2. Contact the Client Assistance Program (CAP) for Assistance
If informal discussions do not resolve the dispute, a DVR client can contact the Client Assistance Program (CAP) for assistance. CAP is a private, non-profit program that offers information and advocacy services to DVR clients. CAP attempts to resolve disagreements informally with DVR. If informal efforts are not successful, CAP may represent an individual in mediation or an administrative fair hearing.
CAP can be contacted at:
Washington State Client Assistance Program
2531 Rainier Ave. S.
Seattle, WA 98144
(206) 721-5999 / (206) 721-6072 (TTY)
(800) 544-2121 / (888) 721-6072 (TTY)
[email protected] or [email protected]
3. Request Mediation
A DVR client may ask for mediation any time the client disagrees with a DVR decision that affects the client’s DVR services. Mediation is a process in which a trained mediator conducts a meeting with the DVR client and a representative from DVR to help settle a disagreement. Mediation is a voluntary process, which means that the client and DVR must both agree to participate. The mediator’s job is to help the client and DVR talk about the problem and come to an agreement. A DVR client may request that a CAP representative assist them in this process. DVR pays for the mediator and the mediator cannot be a DVR employee.

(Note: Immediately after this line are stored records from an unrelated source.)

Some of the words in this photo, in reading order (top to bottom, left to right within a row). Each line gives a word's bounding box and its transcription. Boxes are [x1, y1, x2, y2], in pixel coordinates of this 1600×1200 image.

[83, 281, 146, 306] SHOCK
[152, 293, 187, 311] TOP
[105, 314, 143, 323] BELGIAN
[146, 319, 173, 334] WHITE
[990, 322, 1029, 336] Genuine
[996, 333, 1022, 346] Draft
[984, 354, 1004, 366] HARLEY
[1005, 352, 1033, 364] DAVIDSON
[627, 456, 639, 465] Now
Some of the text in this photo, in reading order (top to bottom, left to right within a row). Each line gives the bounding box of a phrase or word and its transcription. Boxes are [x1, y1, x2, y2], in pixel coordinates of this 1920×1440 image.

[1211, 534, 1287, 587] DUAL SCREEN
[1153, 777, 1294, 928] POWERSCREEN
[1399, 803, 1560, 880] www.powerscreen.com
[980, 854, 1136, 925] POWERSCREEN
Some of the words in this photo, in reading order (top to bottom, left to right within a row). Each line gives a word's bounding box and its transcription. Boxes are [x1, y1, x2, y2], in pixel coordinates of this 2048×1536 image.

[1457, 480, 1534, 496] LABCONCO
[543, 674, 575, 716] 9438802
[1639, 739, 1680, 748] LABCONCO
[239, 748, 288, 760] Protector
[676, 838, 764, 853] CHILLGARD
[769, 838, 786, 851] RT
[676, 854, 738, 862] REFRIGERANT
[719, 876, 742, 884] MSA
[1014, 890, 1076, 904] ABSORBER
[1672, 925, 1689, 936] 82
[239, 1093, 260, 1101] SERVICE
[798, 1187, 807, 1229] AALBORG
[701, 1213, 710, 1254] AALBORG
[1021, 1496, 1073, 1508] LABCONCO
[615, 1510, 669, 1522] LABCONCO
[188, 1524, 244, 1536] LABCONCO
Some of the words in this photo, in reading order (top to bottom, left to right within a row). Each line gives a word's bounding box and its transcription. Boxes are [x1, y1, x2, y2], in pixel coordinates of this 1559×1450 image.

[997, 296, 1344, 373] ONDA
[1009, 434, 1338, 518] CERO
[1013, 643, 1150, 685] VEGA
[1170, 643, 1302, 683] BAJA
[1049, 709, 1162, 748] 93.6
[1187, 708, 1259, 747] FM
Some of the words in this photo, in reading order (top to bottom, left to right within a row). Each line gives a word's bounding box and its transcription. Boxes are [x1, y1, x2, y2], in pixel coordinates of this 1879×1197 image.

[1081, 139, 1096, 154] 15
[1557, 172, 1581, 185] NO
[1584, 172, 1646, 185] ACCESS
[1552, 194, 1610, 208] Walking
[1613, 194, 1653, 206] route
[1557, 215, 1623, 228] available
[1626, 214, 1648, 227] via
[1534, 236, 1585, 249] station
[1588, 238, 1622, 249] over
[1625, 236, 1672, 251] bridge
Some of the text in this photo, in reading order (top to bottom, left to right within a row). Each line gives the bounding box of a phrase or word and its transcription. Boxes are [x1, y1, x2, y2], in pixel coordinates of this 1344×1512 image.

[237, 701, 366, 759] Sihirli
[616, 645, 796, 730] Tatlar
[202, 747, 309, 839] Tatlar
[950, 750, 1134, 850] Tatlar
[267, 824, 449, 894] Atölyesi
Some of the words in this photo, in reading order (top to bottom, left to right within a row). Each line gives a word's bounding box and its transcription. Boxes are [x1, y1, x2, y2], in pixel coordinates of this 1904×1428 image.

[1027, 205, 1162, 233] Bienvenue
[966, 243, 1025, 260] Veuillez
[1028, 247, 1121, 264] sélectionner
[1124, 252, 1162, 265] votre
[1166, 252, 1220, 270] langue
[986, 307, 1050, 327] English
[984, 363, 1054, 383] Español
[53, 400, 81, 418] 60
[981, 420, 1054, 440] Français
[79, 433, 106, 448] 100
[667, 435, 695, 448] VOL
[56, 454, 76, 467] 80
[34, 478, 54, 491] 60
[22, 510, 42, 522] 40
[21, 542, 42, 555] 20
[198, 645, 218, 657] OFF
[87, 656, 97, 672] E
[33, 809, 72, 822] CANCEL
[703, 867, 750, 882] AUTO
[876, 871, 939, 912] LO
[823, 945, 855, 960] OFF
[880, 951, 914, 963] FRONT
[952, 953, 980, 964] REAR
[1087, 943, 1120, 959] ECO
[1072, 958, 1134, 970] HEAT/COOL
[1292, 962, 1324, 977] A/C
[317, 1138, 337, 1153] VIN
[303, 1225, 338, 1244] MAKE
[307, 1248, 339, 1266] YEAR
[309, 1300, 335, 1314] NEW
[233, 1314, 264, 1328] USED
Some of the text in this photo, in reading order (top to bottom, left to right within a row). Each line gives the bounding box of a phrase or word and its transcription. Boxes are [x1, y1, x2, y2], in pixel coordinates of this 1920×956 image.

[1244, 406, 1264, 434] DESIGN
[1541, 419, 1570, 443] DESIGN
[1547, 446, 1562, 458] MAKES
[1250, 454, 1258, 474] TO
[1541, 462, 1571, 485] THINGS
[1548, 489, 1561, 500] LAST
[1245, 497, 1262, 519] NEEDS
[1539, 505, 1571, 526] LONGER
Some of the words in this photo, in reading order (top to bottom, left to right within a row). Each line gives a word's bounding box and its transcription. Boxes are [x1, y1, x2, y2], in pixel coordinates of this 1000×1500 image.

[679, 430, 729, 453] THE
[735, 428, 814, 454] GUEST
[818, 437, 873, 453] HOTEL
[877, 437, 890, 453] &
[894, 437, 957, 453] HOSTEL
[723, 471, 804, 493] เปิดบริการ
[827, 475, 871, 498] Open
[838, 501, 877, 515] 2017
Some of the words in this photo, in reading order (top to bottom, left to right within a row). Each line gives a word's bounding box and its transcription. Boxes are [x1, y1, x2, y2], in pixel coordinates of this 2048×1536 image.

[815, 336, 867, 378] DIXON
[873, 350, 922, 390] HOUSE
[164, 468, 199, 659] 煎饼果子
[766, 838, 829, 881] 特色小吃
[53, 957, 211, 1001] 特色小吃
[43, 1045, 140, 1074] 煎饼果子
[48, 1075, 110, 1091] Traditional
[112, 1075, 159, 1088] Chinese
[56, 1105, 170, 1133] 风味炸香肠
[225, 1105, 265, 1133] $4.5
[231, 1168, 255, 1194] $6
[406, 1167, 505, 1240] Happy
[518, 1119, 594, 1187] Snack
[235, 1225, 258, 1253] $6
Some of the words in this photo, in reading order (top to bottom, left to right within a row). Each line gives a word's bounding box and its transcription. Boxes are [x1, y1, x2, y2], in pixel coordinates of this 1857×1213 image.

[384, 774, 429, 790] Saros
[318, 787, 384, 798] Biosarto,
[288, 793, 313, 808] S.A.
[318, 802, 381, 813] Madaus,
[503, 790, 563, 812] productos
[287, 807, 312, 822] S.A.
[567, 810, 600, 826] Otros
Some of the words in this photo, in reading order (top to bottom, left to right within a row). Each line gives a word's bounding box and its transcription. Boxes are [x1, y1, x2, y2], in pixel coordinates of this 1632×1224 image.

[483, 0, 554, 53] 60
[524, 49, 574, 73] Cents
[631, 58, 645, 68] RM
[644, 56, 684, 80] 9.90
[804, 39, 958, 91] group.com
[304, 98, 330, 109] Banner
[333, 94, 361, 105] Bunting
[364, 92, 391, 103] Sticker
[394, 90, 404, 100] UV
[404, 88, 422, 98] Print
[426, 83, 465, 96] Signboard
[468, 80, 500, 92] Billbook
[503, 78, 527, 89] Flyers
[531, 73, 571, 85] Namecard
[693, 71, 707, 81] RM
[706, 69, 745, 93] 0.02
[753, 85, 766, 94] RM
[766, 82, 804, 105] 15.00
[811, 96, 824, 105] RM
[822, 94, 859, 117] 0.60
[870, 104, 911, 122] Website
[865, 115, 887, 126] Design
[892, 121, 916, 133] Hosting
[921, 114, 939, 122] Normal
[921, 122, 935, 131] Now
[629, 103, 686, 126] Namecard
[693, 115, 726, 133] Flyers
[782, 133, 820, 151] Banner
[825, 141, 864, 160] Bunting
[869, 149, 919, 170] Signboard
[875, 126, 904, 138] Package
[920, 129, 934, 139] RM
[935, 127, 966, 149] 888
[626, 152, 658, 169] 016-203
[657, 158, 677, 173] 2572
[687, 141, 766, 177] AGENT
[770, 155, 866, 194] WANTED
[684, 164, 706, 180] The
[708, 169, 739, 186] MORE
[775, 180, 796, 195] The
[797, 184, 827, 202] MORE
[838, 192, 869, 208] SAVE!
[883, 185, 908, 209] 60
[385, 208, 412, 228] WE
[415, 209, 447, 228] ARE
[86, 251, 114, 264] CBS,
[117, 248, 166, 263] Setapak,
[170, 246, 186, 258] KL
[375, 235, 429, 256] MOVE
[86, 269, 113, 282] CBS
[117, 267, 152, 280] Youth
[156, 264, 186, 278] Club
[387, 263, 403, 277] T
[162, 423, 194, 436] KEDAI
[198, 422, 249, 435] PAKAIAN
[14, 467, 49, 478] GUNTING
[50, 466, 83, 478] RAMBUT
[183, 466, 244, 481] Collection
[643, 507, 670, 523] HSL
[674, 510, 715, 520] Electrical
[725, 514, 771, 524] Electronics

DVR may pay for services the client needs to participate in mediation, such as childcare and transportation. Agreements reached through mediation are not legally binding, but clients must receive a copy of the written agreement.
4. Request a Fair Hearing
A person who disagrees with a DVR decision may also request a fair hearing. A client may request both mediation and a fair hearing at the same time. A fair hearing is conducted by an administrative law judge. During the hearing, the DVR client and DVR present information, witnesses, and/or documents. An attorney, representative from CAP, or any other person may represent the client during the hearing. The administrative law judge makes a decision after hearing all of the information presented, reviewing any documents submitted, and reviewing relevant laws and regulations.
To request a fair hearing, the client should send a letter to the Office of Administrative Hearings. The letter requesting the hearing must include:
- The DVR client’s name, address, and telephone number;
- The agency with which the client has a dispute (DVR);
- The reasons why the client is dissatisfied or disagrees with the agency’s decision; and
- Any other information or documents that relate to the matter.
A DVR client may ask any DVR employee for assistance with submitting a request for a fair hearing. A client may request a fair hearing while continuing to attempt to resolve the issue through negotiation with DVR. DVR services will not be suspended, reduced, or terminated simply because a fair hearing is requested.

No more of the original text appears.